◆ **WHAT YOU ARE ASKED TO DO**: Could you transcribe the records below exactly, leaving out every picture?

◆ **PROVIDED RECORDS**:
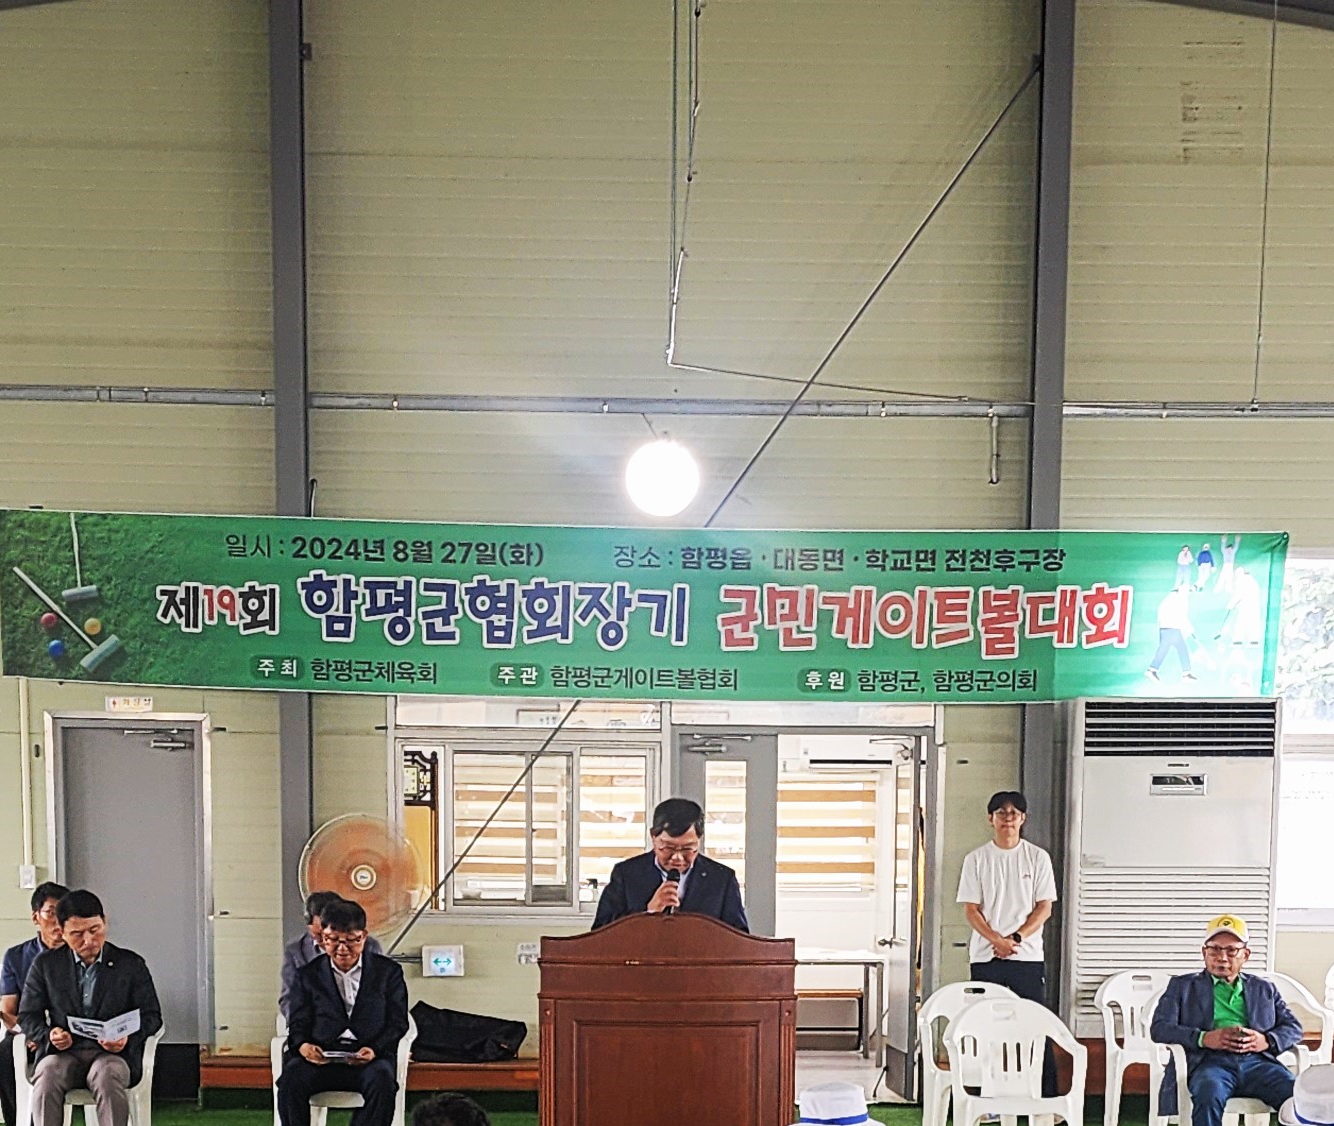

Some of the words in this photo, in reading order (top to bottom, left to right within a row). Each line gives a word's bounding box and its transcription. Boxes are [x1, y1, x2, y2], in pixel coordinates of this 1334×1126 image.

[225, 534, 272, 559] 일시
[290, 535, 386, 563] 2024년
[392, 539, 434, 564] 8월
[440, 540, 545, 567] 27일(화)
[613, 544, 661, 569] 장소
[680, 546, 753, 571] 함평읍
[772, 547, 844, 572] 대동면
[865, 548, 937, 573] 학교면
[944, 548, 1067, 573] 전천후구장
[157, 582, 279, 635] 제19회
[299, 572, 688, 649] 함평군협회장기
[720, 584, 1130, 657] 군민게이트볼대회
[310, 658, 438, 685] 함평군체육회
[549, 665, 739, 691] 함평군게이트볼협회
[857, 668, 927, 694] 함평군,
[932, 668, 1038, 693] 함평군의회

◆ **REPLY TO THE EXERCISE**:
Some of the words in this photo, in reading order (top to bottom, left to right within a row). Each line gives a word's bounding box and its transcription. Boxes are [x1, y1, x2, y2], in pixel coordinates of this 1334×1126 image.

[225, 534, 272, 559] 일시
[290, 535, 386, 563] 2024년
[392, 539, 434, 564] 8월
[440, 540, 545, 567] 27일(화)
[613, 544, 661, 569] 장소
[680, 546, 753, 571] 함평읍
[772, 547, 844, 572] 대동면
[865, 548, 937, 573] 학교면
[944, 548, 1067, 573] 전천후구장
[157, 582, 279, 635] 제19회
[299, 572, 688, 649] 함평군협회장기
[720, 584, 1130, 657] 군민게이트볼대회
[310, 658, 438, 685] 함평군체육회
[549, 665, 739, 691] 함평군게이트볼협회
[857, 668, 927, 694] 함평군,
[932, 668, 1038, 693] 함평군의회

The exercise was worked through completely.